行政書士葛飾江戸川総合法務事務所の糠信 一善(ぬかのぶ かずよし)です。
本日は、
特定活動 告示第46号とは
について紹介いたします。

特定活動 告示第46号って…。
前回のブログで出てきて説明を避けた内容ですよね。
今回はその特定活動の告示第46号について早速見ていくのですね。

そうですね。
特定活動の告示第46号も大事な内容なので取り扱っていきたいと思います。

こちらのブログで紹介する内容は出入国在留管理庁が公開している、
留学生の就職支援に係る「特定活動」(本邦大学等卒業者)についてのガイドライン(令和6年2月改定)
を参照していますので、難しい表現が入ってきますが、正確な情報
になりますのでご安心ください。

特定活動の告示第46号の対象者

では、特定活動の告示第46号について説明していきたいと思います。
まずは対象者です。

本邦大学等卒業者であって、高い日本語能力を有する方が対象となります。
現に有する在留資格(ビザ)が「留学」の方からの在留資格変更許可申請に限らず、次の(1)学歴要件及び(2)日本語能力の要件を満たす方であれば、例えば、本邦の大学を卒業後に帰国した方や、他の就労資格で活動していた方も対象となります。

なるほど…。
となると、気になるのは(1)学歴要件と(2)日本語能力の要件の内容だね。

(1)学歴要件

そうですね。
一つずつ説明していきますね。

(1)学歴についての要件です。
本邦大学等卒業者に限られます。
外国の大学卒業者及び大学院修了者並びに認定専修学校専門課程ではない専修学校専門課程修了者は対象となりません。

(さっそく難しい表現キタ~…。)
本邦大学等卒業者に限られる…、の『等』って何ですか…?
4年生の大学だけではない、ということですよね…?
そして…、その後も難しいです…。

そうですね。
まず、本邦の大学等の説明からいたしますね。
本邦の大学等とは、
・大学
・大学院
・短期大学
・高等専門学校(通称高専)
・短期大学の専攻科及び認定専修学校専門課程

をいいます。

そのとおりです。
4年生の大学だけではありませんのでご注意ください。
そして、外国の大学や大学院の卒業者も対象とはなりませんのでご注意ください。
日本の教育機関に限られているので、技術・人文知識・国際業務よりも要件が厳しいです。
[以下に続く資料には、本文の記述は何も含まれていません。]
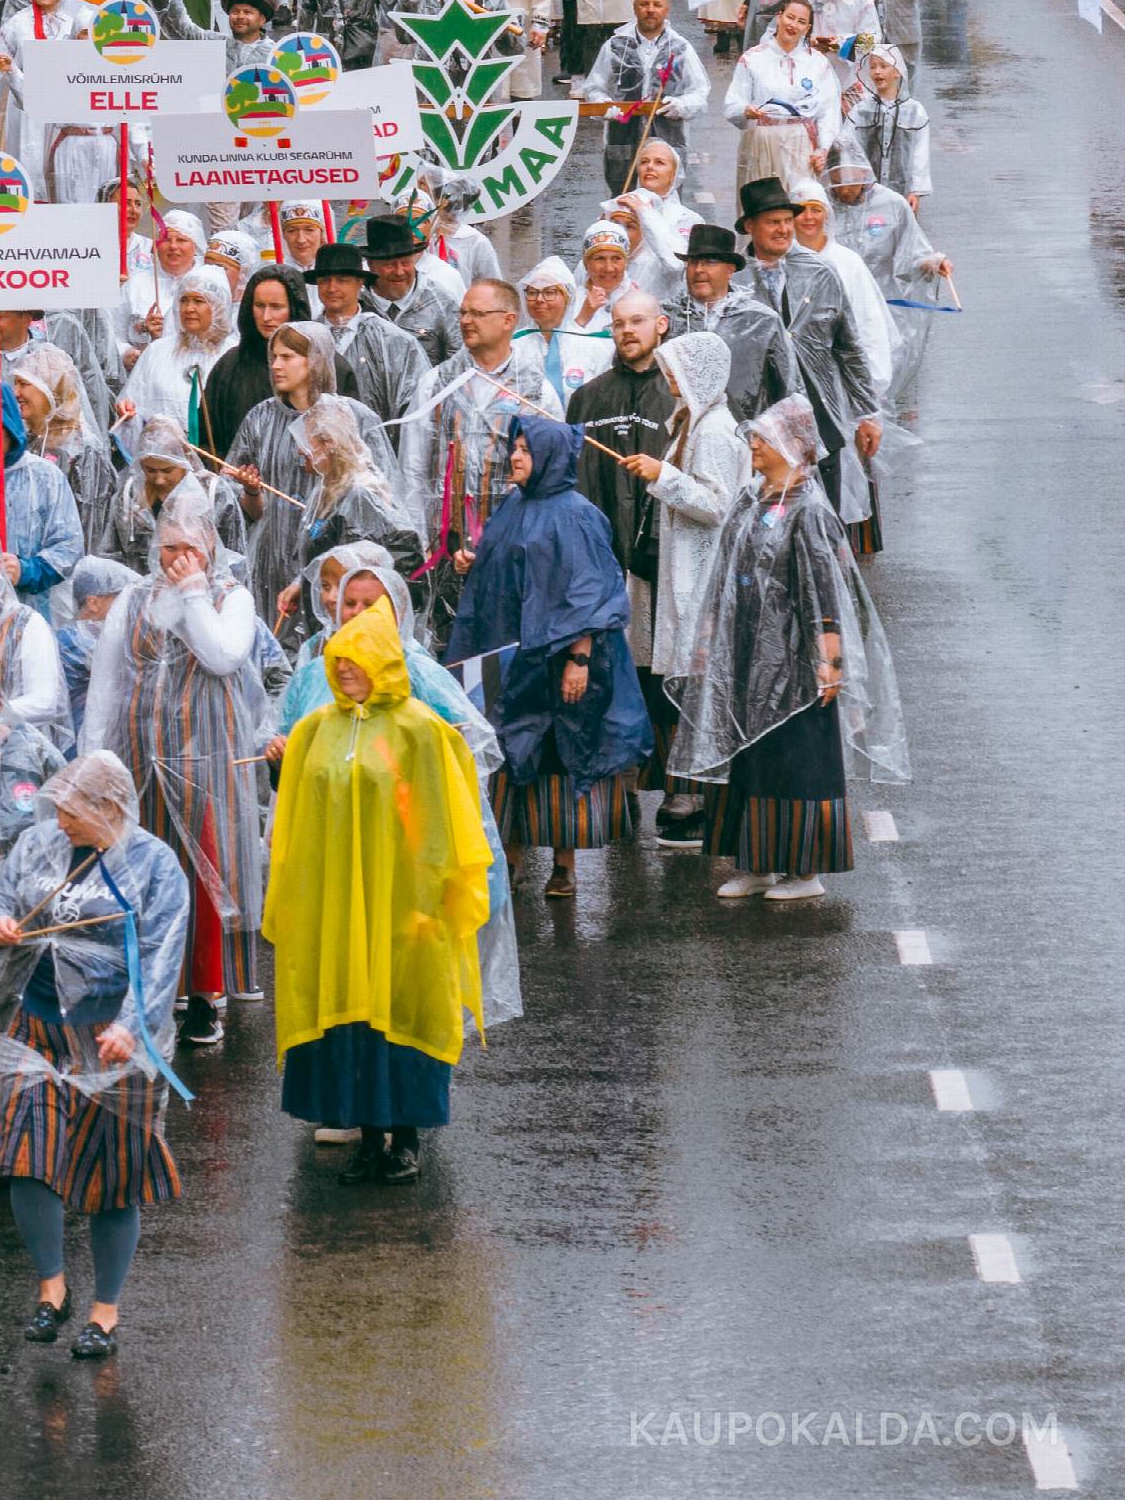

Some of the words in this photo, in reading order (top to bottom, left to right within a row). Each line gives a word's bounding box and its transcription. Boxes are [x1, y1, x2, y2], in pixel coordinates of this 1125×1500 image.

本邦の大学等、という言葉が出てきたから、技術・人文知識・国際業務の在留資格(ビザ)と似ていると思ったけど、特定活動の告示第46号はさらに要件の厳しい在留資格(ビザ)なんだね。
色々あるんだね。

(2)日本語能力

次に、(2)日本語能力要件です。
特定活動の告示第46号は、次のいずれかが必要です。
・日本語能力試験N1
・BJTビジネス日本語能力テスト480点以上

※日本語能力試験については、旧試験制度の「1級」も対象となります

日本語能力N1…。
BJTビジネス日本語能力テスト480点以上…。
これは、高い水準なのかい…?

おばあちゃん、とても高い水準だよ!
技術・人文知識・国際業務の在留資格(ビザ)ですら、日本語要件はないんだよ。

ということは…、特定活動の告示第46号は(2)日本語要件も、(1)の学歴要件と同じく技術・人文知識・国際業務の在留資格(ビザ)よりも厳しいのですね…。

仰る通りです。
さらに、日本語要件については、ガイドラインに続きが記載されています。

その他、大学又は大学院において「日本語」を専攻して大学を卒業した方については、
・日本語能力試験N1
・BJTビジネス日本語能力テスト480点以上
の要件を満たすもの
として取り扱います。
なお、外国の大学・大学院において日本語を専攻した方についても、
・日本語能力試験N1
・BJTビジネス日本語能力テスト480点以上
の要件を満たすものとして取り扱いますが、この場合であっても、併せて、(1)学歴要件を満たす必要があります

※本制度において「「日本語」を専攻した」とは、日本語に係る学問(日本語学、日本語教育学等)に係る学部・学科、研究科等に在籍し、当該学問を専門的に履修したことを意味します。
※日本語能力の判断方法について、当面は上記運用としますが、「日本語教育の参照枠」の活用に向けて検討を進めてまいります。

と記載されています。

日本語能力要件の判断については、試験結果だけではなく、日本語学科等の日本語を専門的に履修した方も対象になるんだね。
そして、外国の大学で日本語を専門的に履修した場合でも、(1)の学歴要件は満たさないといけない、ということだね。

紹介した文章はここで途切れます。